Elvis Presley 'Live' Like You've Never Seen Him! With holographic technology, that could become a strange reality

Elvis Presley: Live at the Bellagio.

It could happen. Kind of.

The haunting hologram of Tupac Shakur, which lit up the stage at California's Coachella music festival last weekend, is just the beginning of a new and lucrative revenue stream that could soon be available to dead celebrities, known in marketing circles as "delebs."

Hologram imaging has been around for awhile, but this past weekend was the first time a truly lifelike image of a deceased personality was able to truly wow the crowd.

Shakur’s hologram hollered to the masses: “What up, Coachella!” and then joined the rapper Snoop Dog for “Come With Me,” “Hail Mary” and “2 of Amerikaz Most Wanted.”

His holographic image and performance was 100 percent original, not cobbled or adapted from video of past performances. Which means any dead star, doing anything onstage, is now feasible.

The show was so impressive that Snoop and his cohort Dr. Dre are now considering taking the holographic Shakur along with them on tour, according to the Wall Street Journal.

This technology, perfected by Digital Domain Media Group, opens the door for the estates of dead celebrities to ink business deals that could net them millions of dollars. Many dead celebrities are represented by agents who cut deals for them for everything from endorsements to advertisements ... and now concert tours.

"This is certainly going to be big money in so many ways,” explained Mark Roesler, who manages a stable of delebs through his agency, CMG Worldwide. “I can imagine someone organizing a new kind of reunion tour. We already go to Las Vegas to see all of the acts from the fifties, sixties and seventies."

In the early nineties Roesler -- whose stable of delebs includes Rock Hudson, Marilyn Monroe, Clark Gable and Natalie Wood -- helped put together a Diet Coke commercial with Humphrey Bogart, Louis Armstrong and James Cagney where they sang along with Elton John. The commercial won several awards, and was innovative for its time. But it was nothing compared to technology so good that you believed a long-deceased rapper (Shakur was murdered in 1996) was actually performing on the stage with another artist.

“The technology has evolved so much that these celebrities have a lot of new opportunities and the audience can experience them in different ways,” Roesler said. “The technology is not only more lifelike now but it is also more cost-efficient. As it keeps becoming more of both we will definitely see more of it.”

A spokeswoman for Digital Domain declined to talk about the technology.

“Since there’s another performance next weekend, Dr.
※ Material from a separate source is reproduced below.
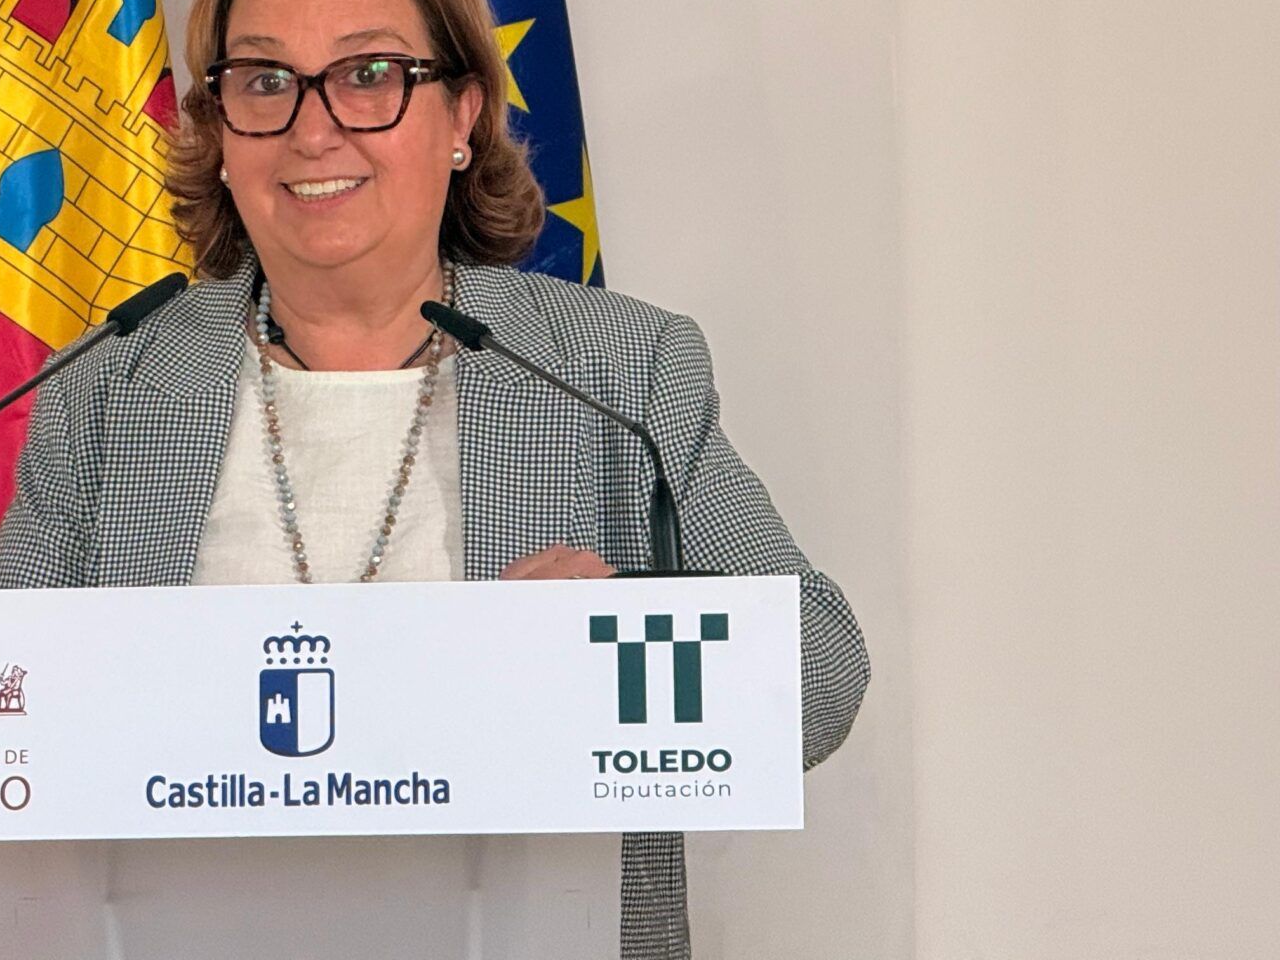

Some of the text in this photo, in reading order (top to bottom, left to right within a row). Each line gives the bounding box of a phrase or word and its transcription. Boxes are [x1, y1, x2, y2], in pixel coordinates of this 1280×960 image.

[5, 749, 29, 765] DE
[591, 748, 733, 774] TOLEDO
[327, 771, 451, 807] Mancha
[593, 779, 732, 802] Diputación
Dre’s camp (and we!) want it to be as magical for those fans as it was this weekend, so we¹re not able to share additional details just yet,” rep Julie Miller told Fox411.
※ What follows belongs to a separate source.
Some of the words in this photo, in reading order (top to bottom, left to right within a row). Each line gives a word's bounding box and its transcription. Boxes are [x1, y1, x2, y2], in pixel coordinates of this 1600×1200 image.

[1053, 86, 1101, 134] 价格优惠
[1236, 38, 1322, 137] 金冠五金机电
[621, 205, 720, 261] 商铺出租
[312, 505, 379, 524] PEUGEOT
The other good thing about hiring a deceased star versus a living one if you are booking a concert tour or putting together an ad campaign?
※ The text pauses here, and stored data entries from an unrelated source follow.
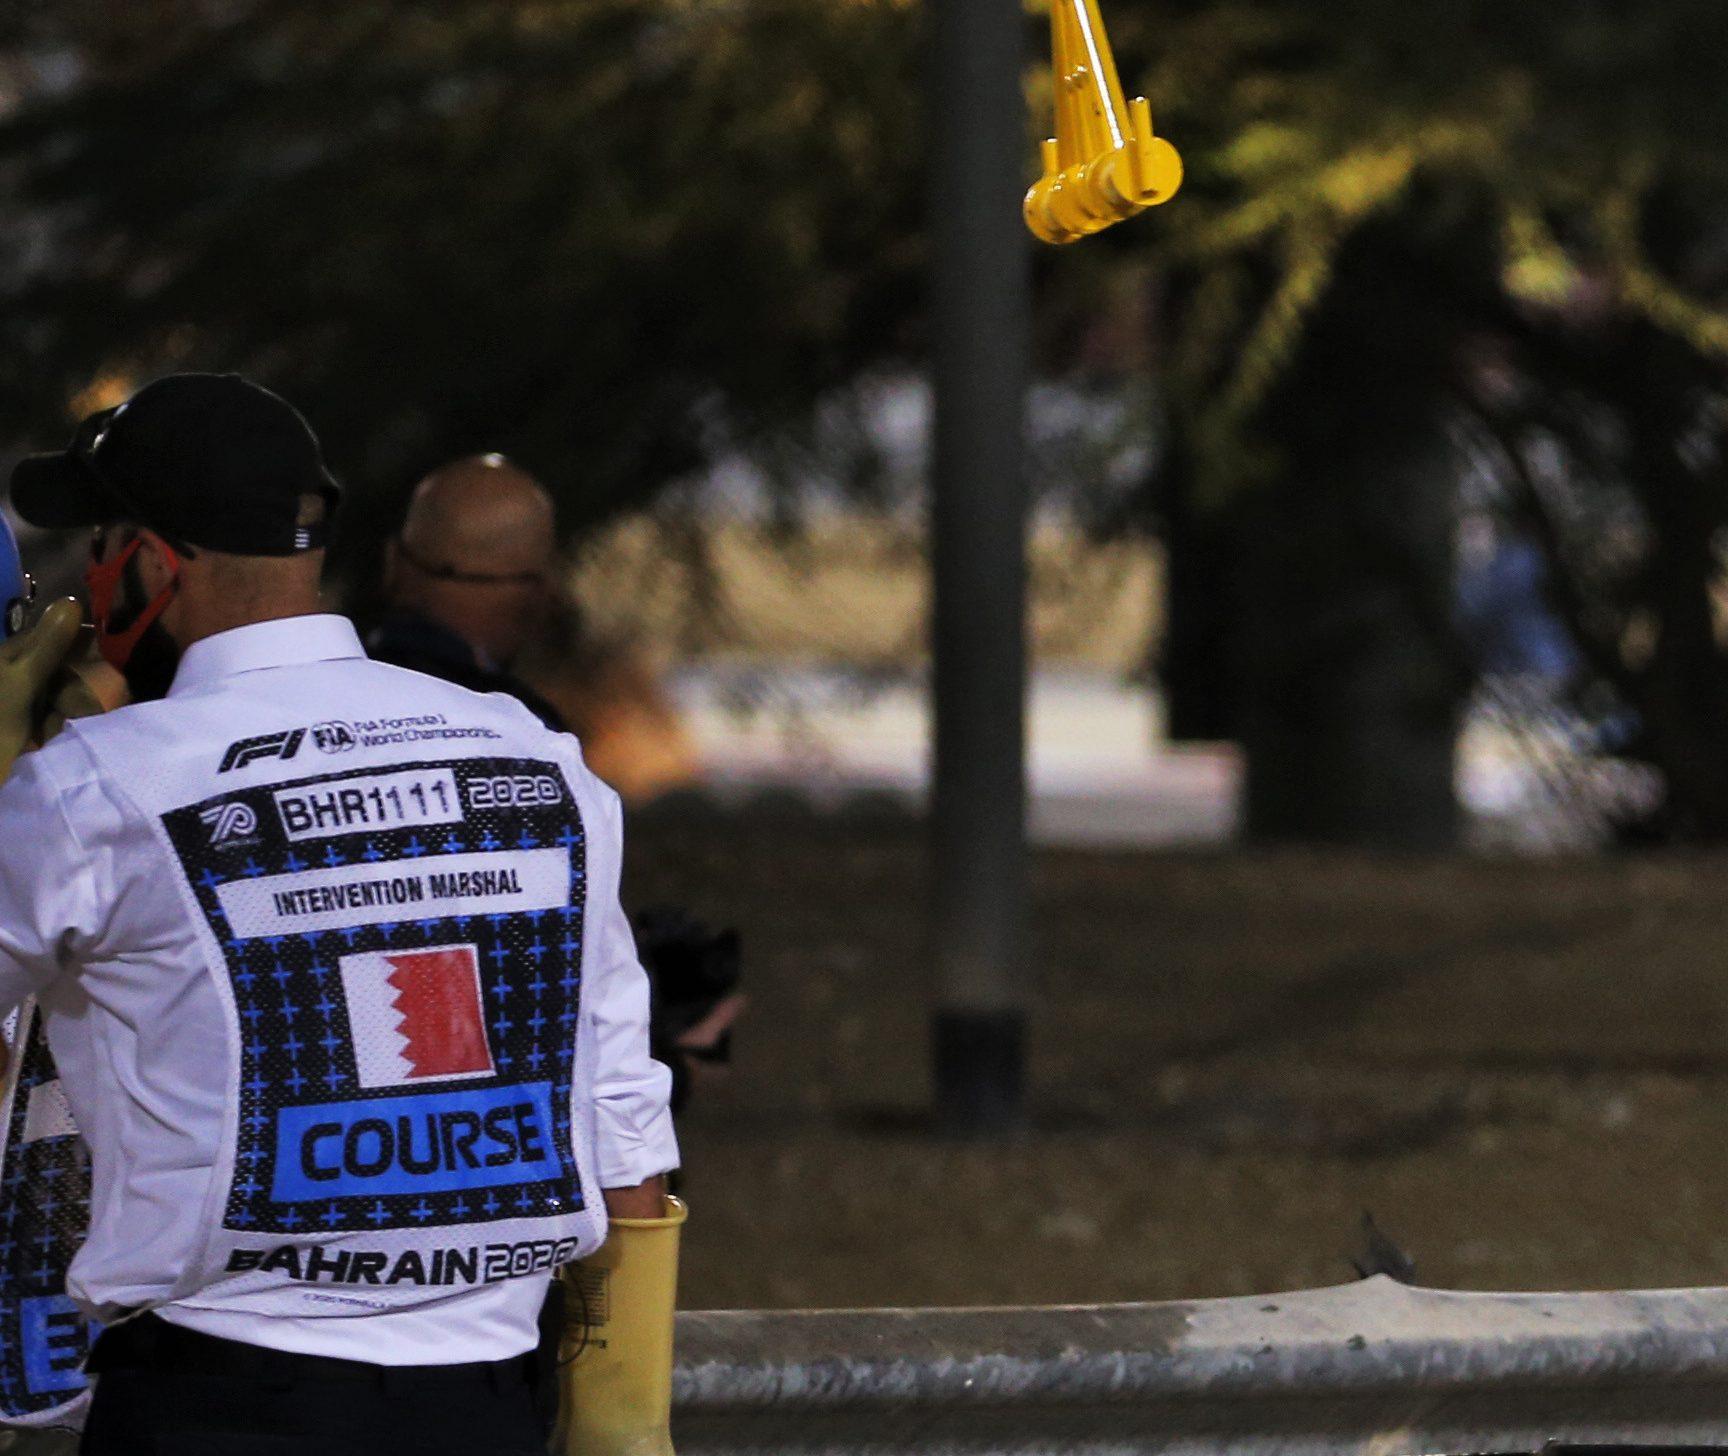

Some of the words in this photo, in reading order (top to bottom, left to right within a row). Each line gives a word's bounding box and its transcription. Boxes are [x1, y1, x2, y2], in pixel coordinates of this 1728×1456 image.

[281, 780, 449, 833] BHR1111
[467, 776, 562, 809] 2020
[273, 875, 424, 917] INTERVENTION
[429, 868, 524, 899] MARSHAL
[301, 1102, 546, 1182] COURSE
[224, 1244, 478, 1286] BAHRAIN
Dead celebrities are a lot cheaper.

Roesler helped to put together a Super Bowl commercial for the shampoo company Sunsilk that included living singers Madonna and Shakira along with the long-deceased Marilyn Monroe.

“Marilyn could only command a fraction of what Madonna could command, and even less than someone like Shakira,” Roesler said. “The reality is there is a step down in the type of renumeration they can get. But that is just the reality of being a celebrity. There are times when you can get paid a fortune to do what you do, and then that window closes.”

(Death being the ultimate closed window.)

But partial compensation is better than none when it comes to administering a dead star's estate. Holographic technology could allow a performer to perform years past the date on their tombstone. We could soon see hologram tours of Michael Jackson, or the very recently deceased Whitney Houston, or maybe a Nirvana reunion fronted by Kurt Cobain's hologram.

James Dean, another of Roesler’s clients, once said that “if a man can bridge the gap between life and death, if he can live on after he's dead, then maybe he was a great man.”

“The definition of a career used to only encompass when somebody was a live,” Roesler said. “Now we will be faced with understanding that he definition of career isn’t just when you are alive but it goes on after you pass away.”